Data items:
----
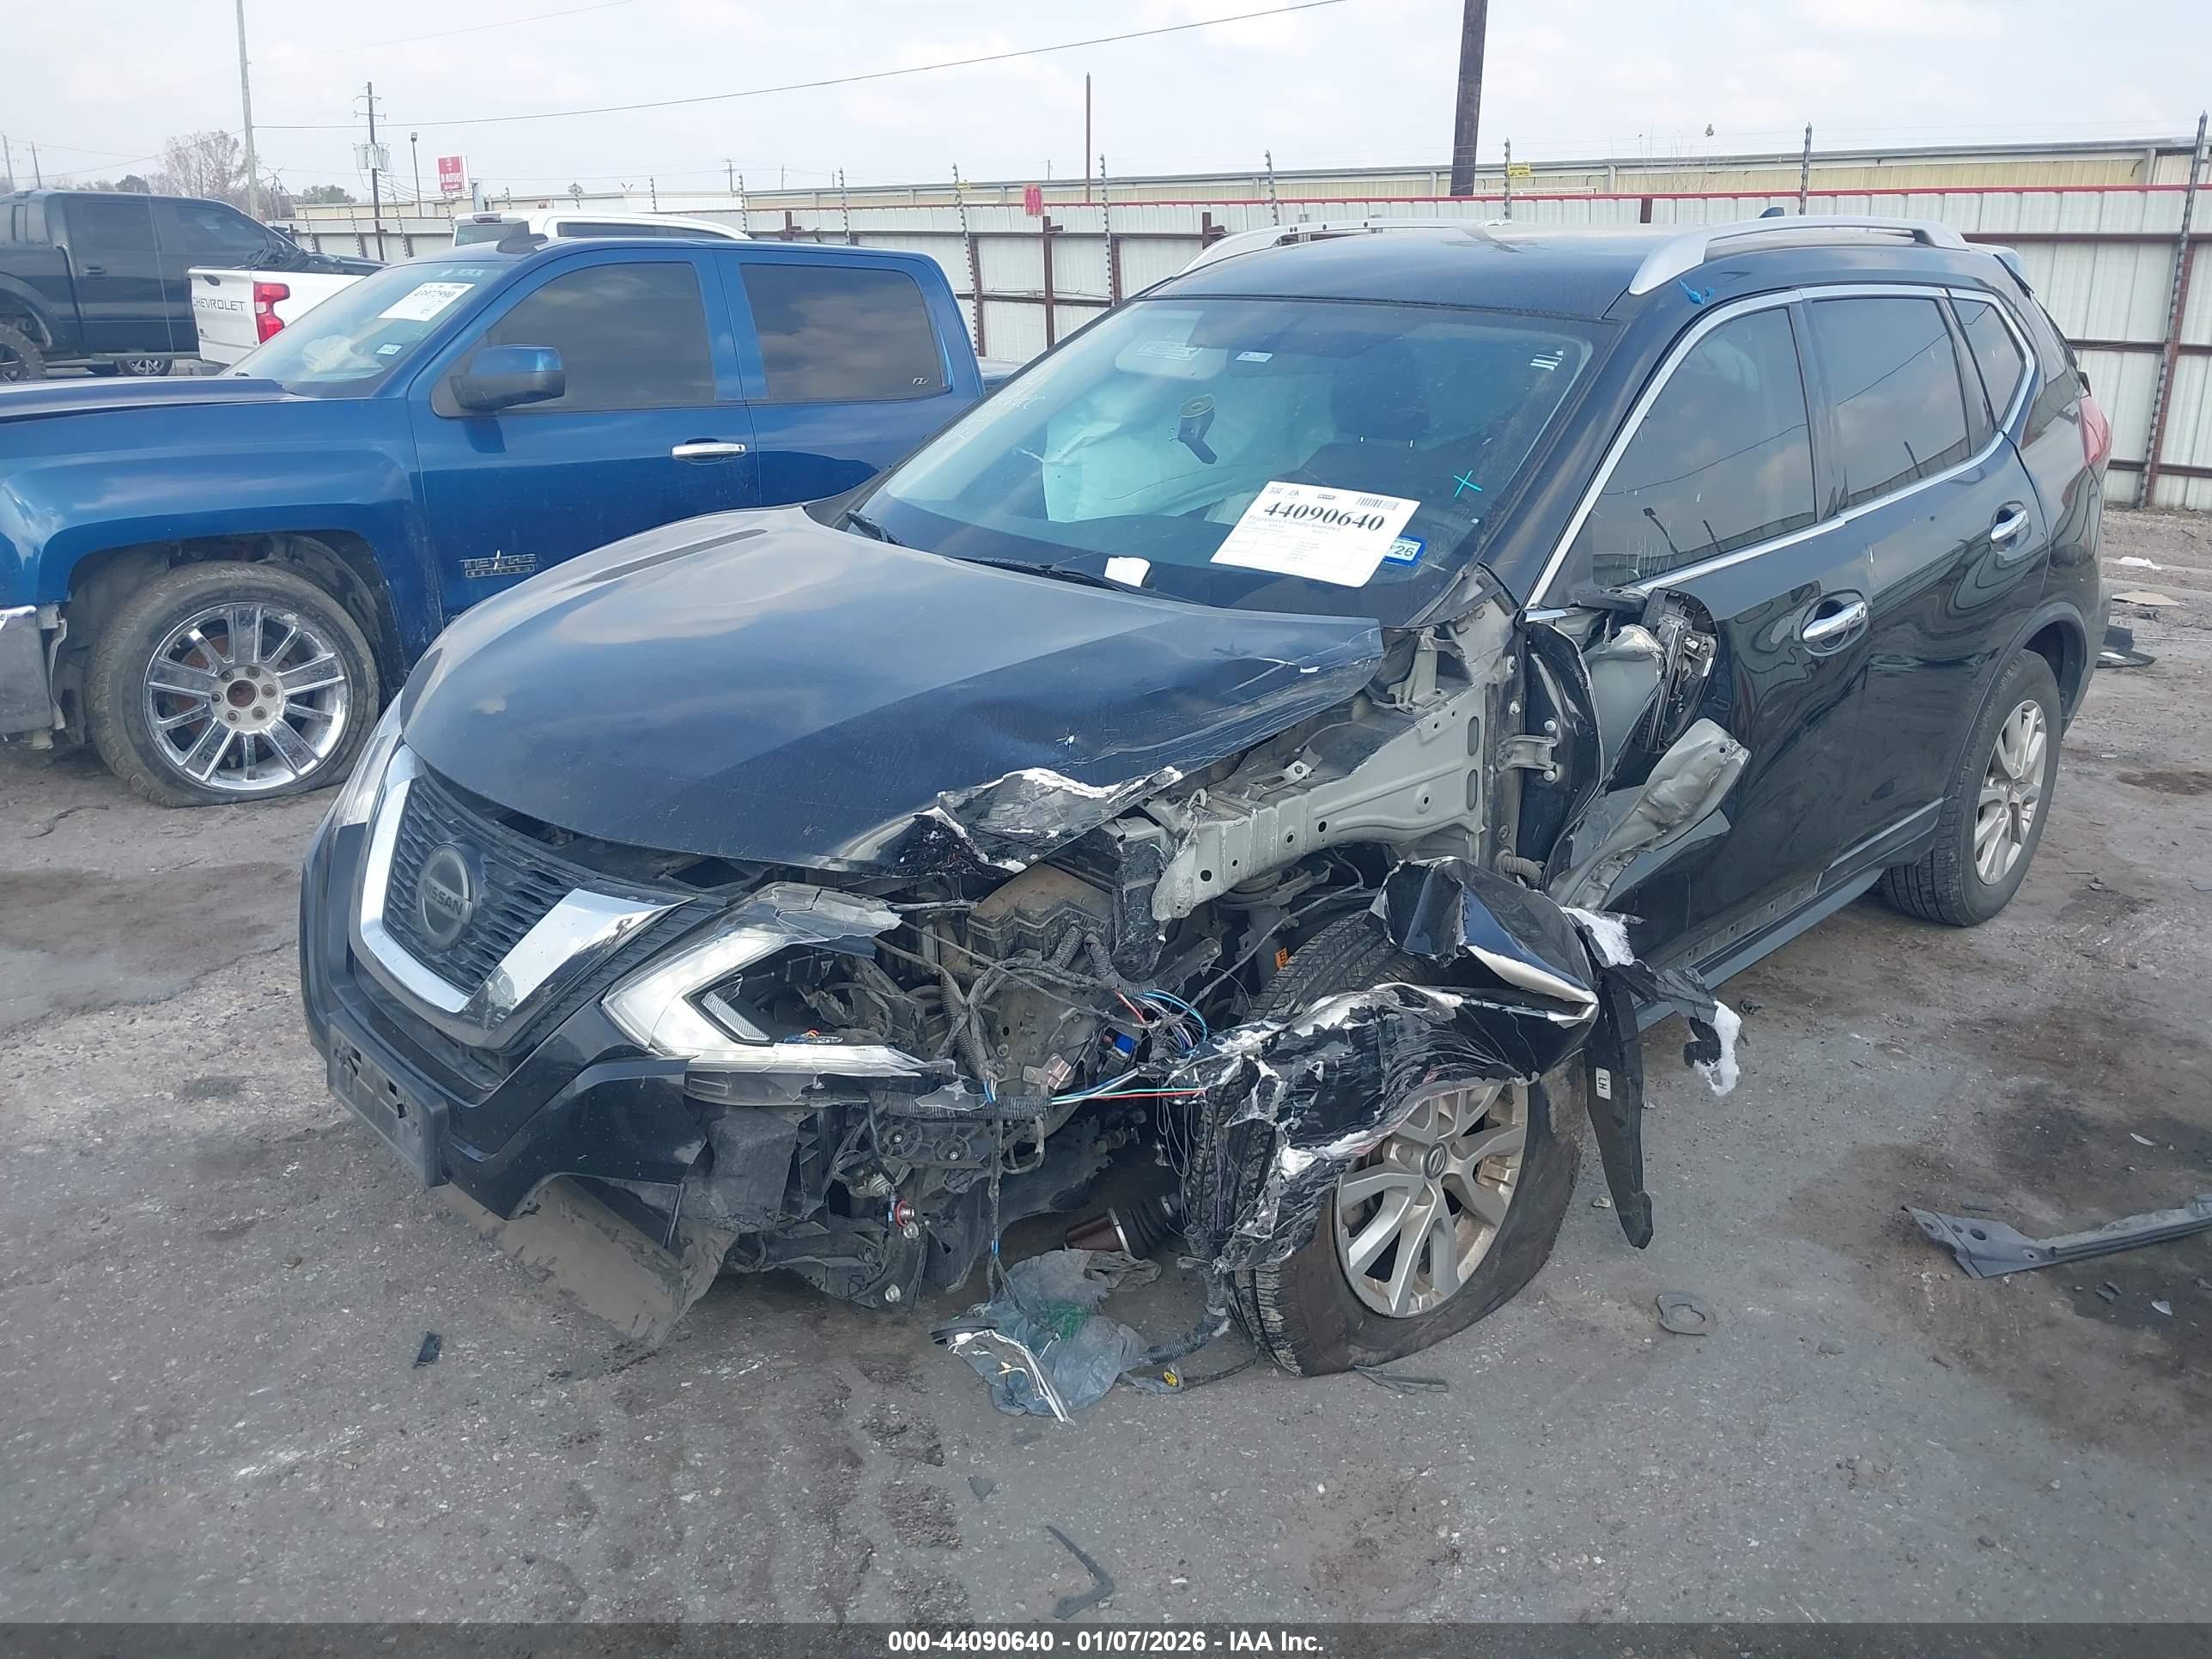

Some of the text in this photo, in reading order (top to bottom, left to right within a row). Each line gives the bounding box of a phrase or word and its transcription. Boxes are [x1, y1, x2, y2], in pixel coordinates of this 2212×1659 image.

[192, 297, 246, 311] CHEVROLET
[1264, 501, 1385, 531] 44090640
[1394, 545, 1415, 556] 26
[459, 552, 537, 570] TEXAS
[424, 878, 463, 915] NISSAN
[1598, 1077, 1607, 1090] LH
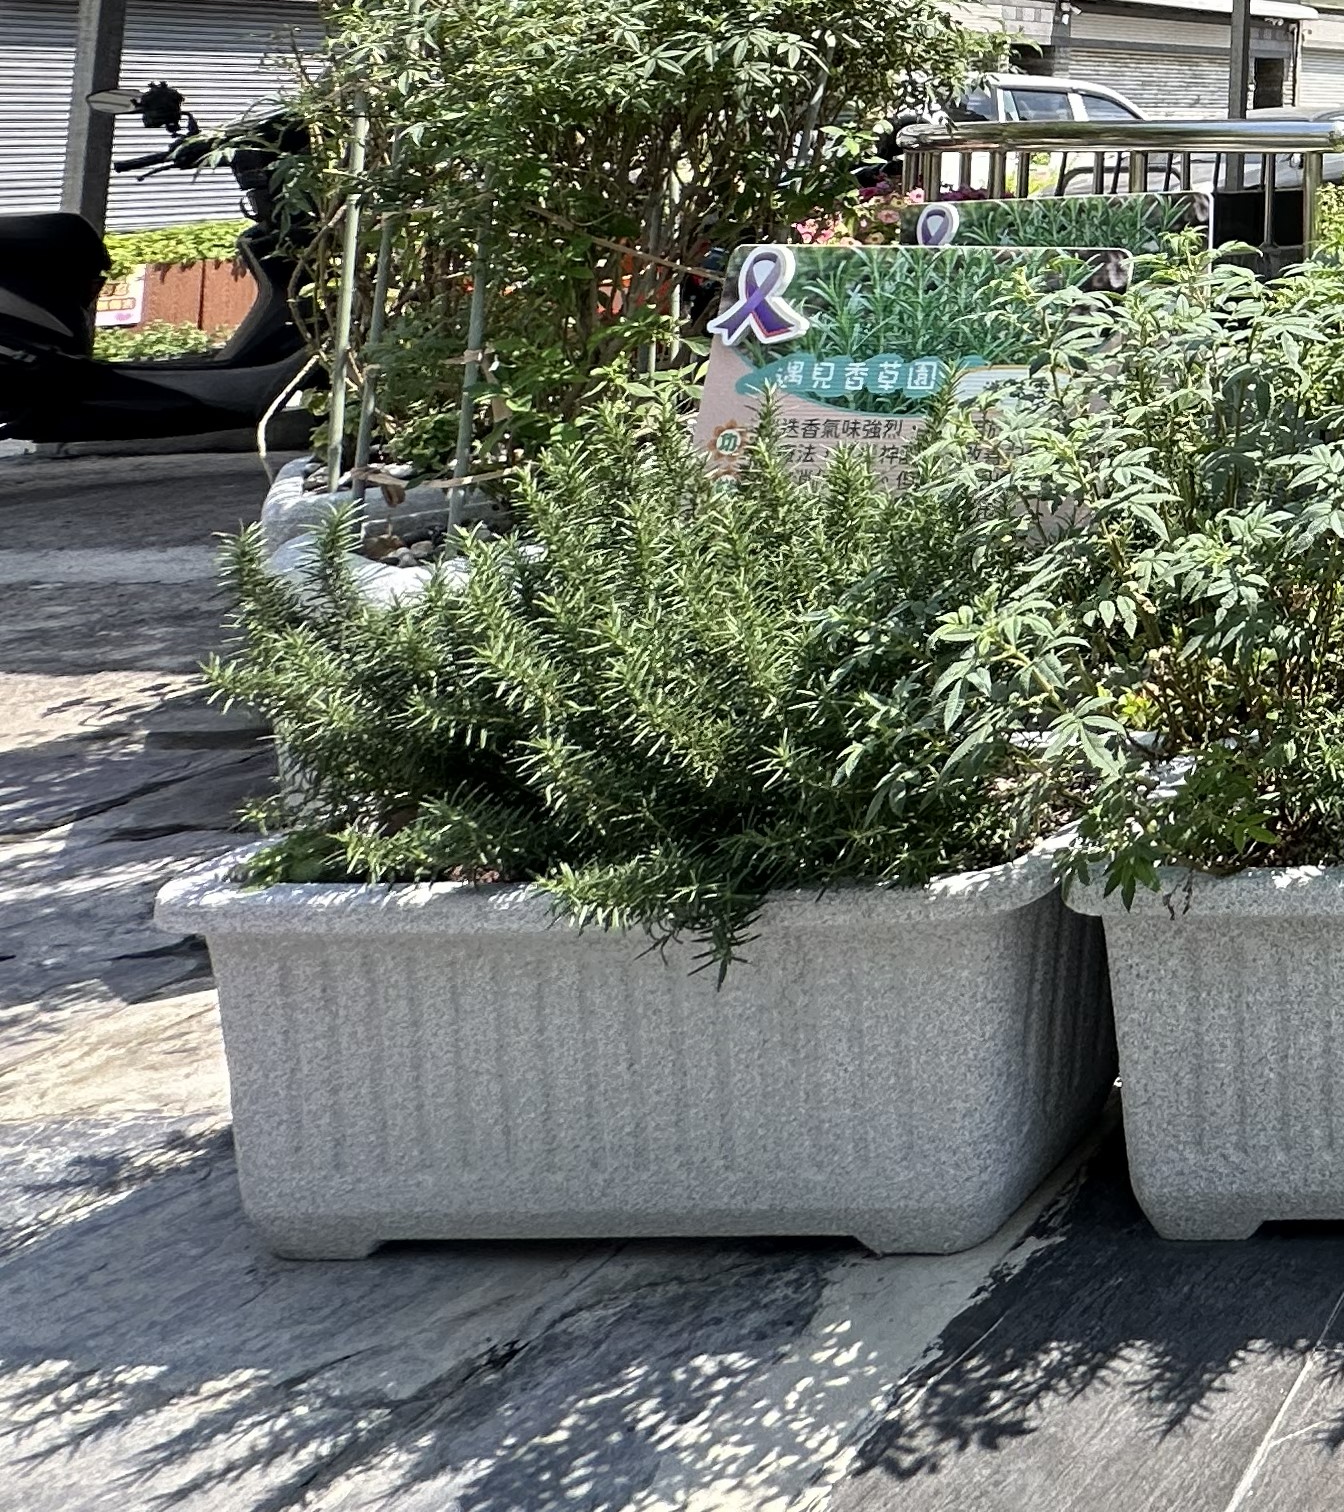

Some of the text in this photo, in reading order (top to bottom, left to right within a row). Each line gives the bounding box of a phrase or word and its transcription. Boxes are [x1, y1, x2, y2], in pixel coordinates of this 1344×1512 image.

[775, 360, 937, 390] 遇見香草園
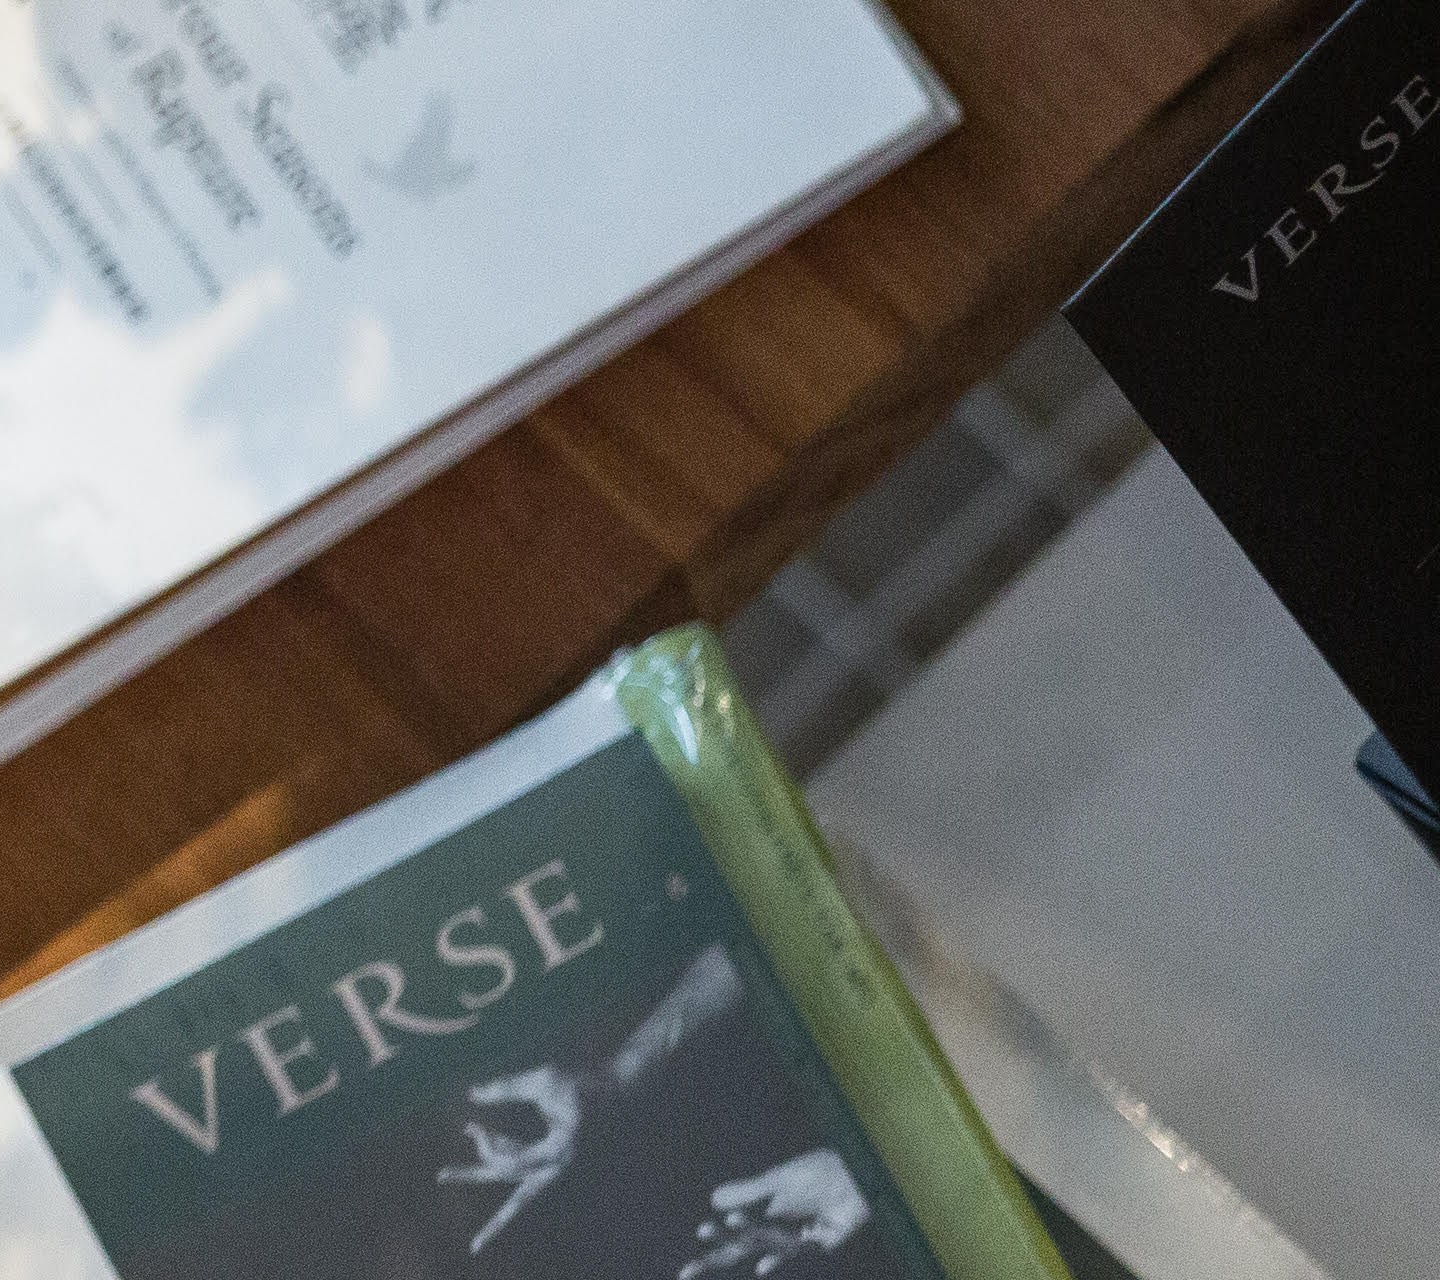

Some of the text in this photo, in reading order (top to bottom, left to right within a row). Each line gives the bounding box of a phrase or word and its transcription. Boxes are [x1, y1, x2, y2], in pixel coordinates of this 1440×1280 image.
----
When you repeat the data, keep every line exact and drop the images.

Some of the text in this photo, in reading order (top to bottom, left to right within a row). Each line gives the bounding box of a phrase or word and its transcription. Boxes are [x1, y1, x2, y2], in pixel coordinates of this 2212×1659 image.

[192, 297, 246, 311] CHEVROLET
[1264, 501, 1385, 531] 44090640
[1394, 545, 1415, 556] 26
[459, 552, 537, 570] TEXAS
[424, 878, 463, 915] NISSAN
[1598, 1077, 1607, 1090] LH

Some of the text in this photo, in reading order (top to bottom, left to right within a row). Each line gives the bounding box of a phrase or word and its transcription. Boxes are [x1, y1, x2, y2], in pixel coordinates of this 1344×1512 image.

[775, 360, 937, 390] 遇見香草園

Some of the text in this photo, in reading order (top to bottom, left to right within a row). Each line gives the bounding box of a phrase or word and its transcription. Boxes are [x1, y1, x2, y2], in pixel coordinates of this 1440×1280 image.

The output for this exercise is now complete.